No es que sea precisamente ningún secreto que el principal objetivo de la Dirección General de Tráfico es el de aumentar constantemente la seguridad tanto en nuestras carreteras como nuestros núcleos urbanos en lo que se refiere al tráfico de vehículos. En este sentido, es habitual que la DGT vaya reformando algunas de sus normativas a medida que los tiempos van cambiando.
Y una de las medidas pretende instaurar la Dirección General de Tráfico y qué más polémica están generando es la que se refiere a la renovación del carné de conducir de los más mayores en España, es decir, de los que tienen más de 65 años. La idea es que, a diferencia de lo que ocurre ahora, cuando los mayores de 65 años tienen que renovar el carné cada cinco años, es que sea a partir de los 70 años cuando este grupo de edad tenga que renovar el carnet cada dos años.
El argumento por parte de este organismo para intentar implementar esta medida es que, según la DGT, casi el 30 % de los fallecidos en nuestro país a causa de accidentes de tráfico lo conforman mayores de 65 años.
La injusticia de la normativa que pretende instaurar la DGT
En este sentido, no ha sido otro que Marcelo Cornellá, presidente de FEDEPEM, la Federación Española para la Defensa de las Personas Mayores, el que ha dado su opinión en una entrevista en la Cadena Cope haciendo evidente que, según su opinión, esta medida no es precisamente justa.
“No tendríamos que poner el listón en la edad, sino en la capacidad que tenemos para poder conducir. Creo que si las pruebas psicotécnicas fueran más serias, reduciría el tema de los accidentes”, ha apuntado.

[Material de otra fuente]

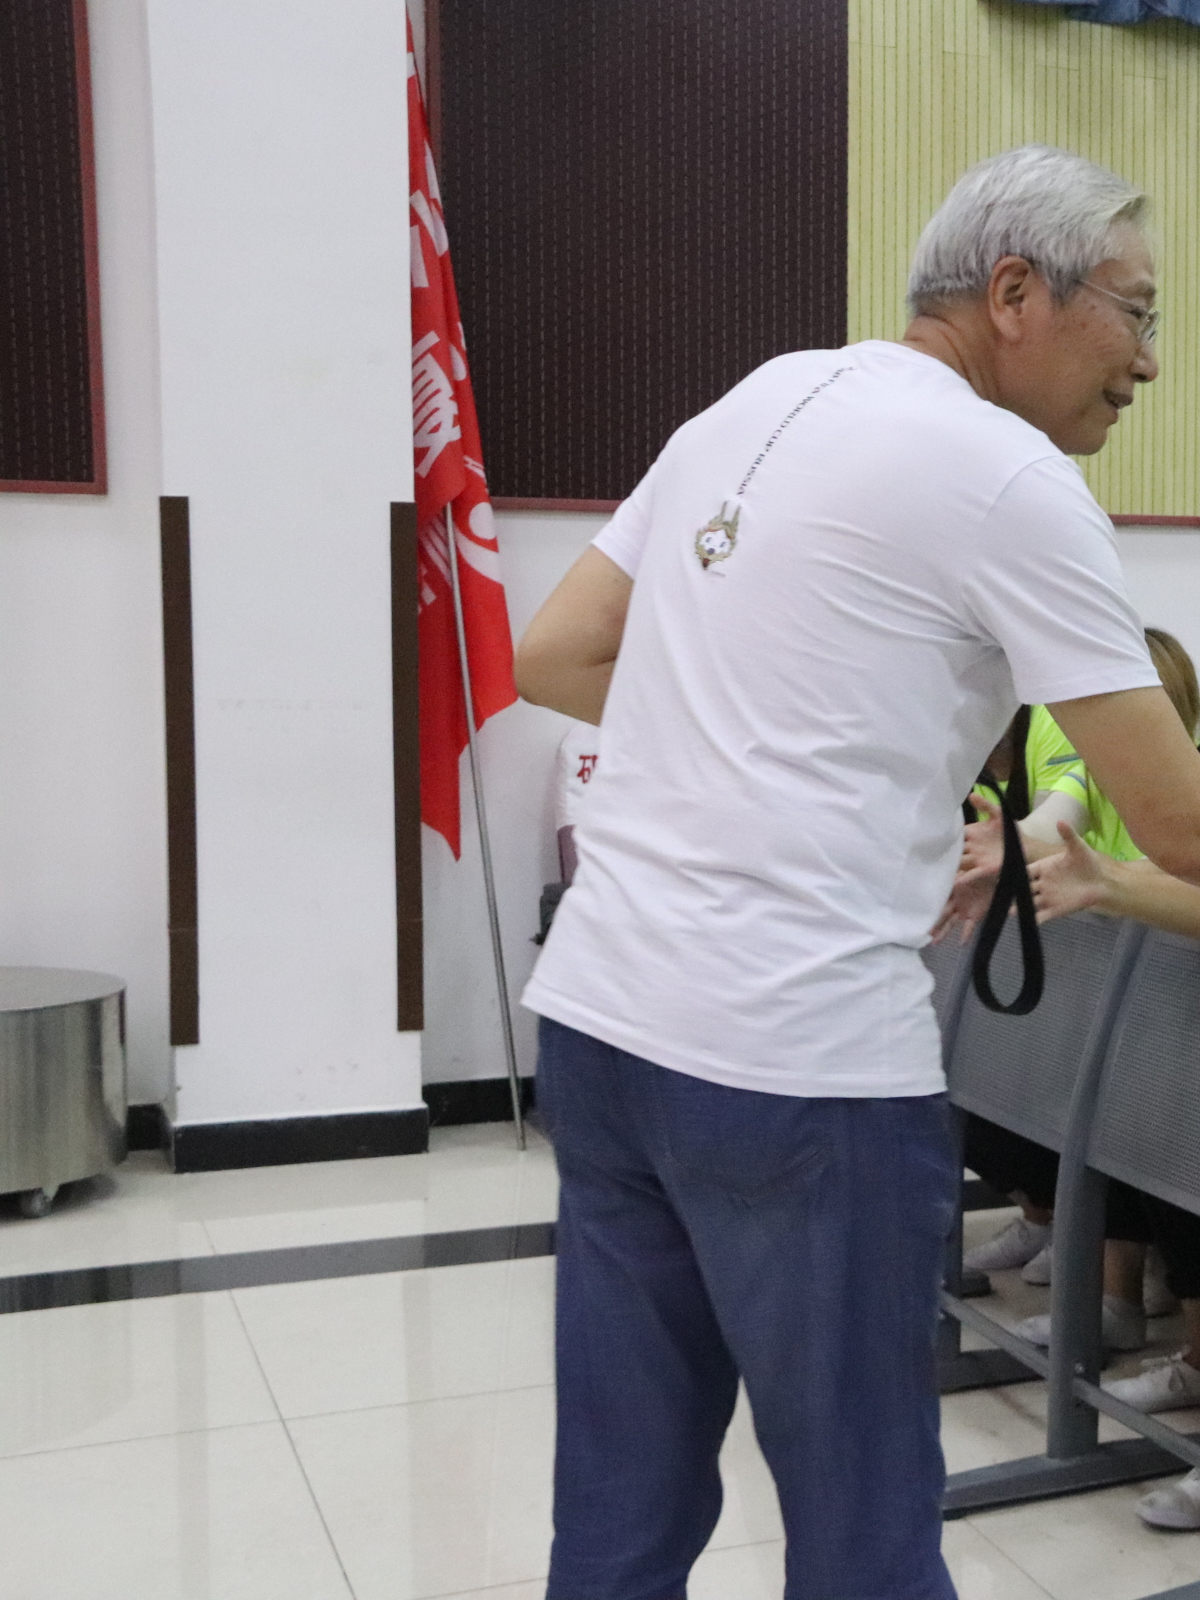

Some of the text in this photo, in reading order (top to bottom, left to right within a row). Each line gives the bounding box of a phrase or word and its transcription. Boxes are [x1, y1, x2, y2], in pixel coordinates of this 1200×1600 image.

[779, 395, 815, 429] WORLD
[764, 428, 783, 453] CUP
[735, 452, 766, 496] RUSSIA

Uno de sus argumentos en contra de esta medida llega por parte de Cornellá pasa por los jóvenes al volante que, en su opinión, son más peligrosos que los más mayores: “¿Qué hacemos con aquellos que son más jóvenes y conducen bajo el efecto del alcohol o drogas? ¿No sería bueno hacer un test de drogas cuando tú haces el psicotécnico y saber si esa persona es un peligro?", apunta.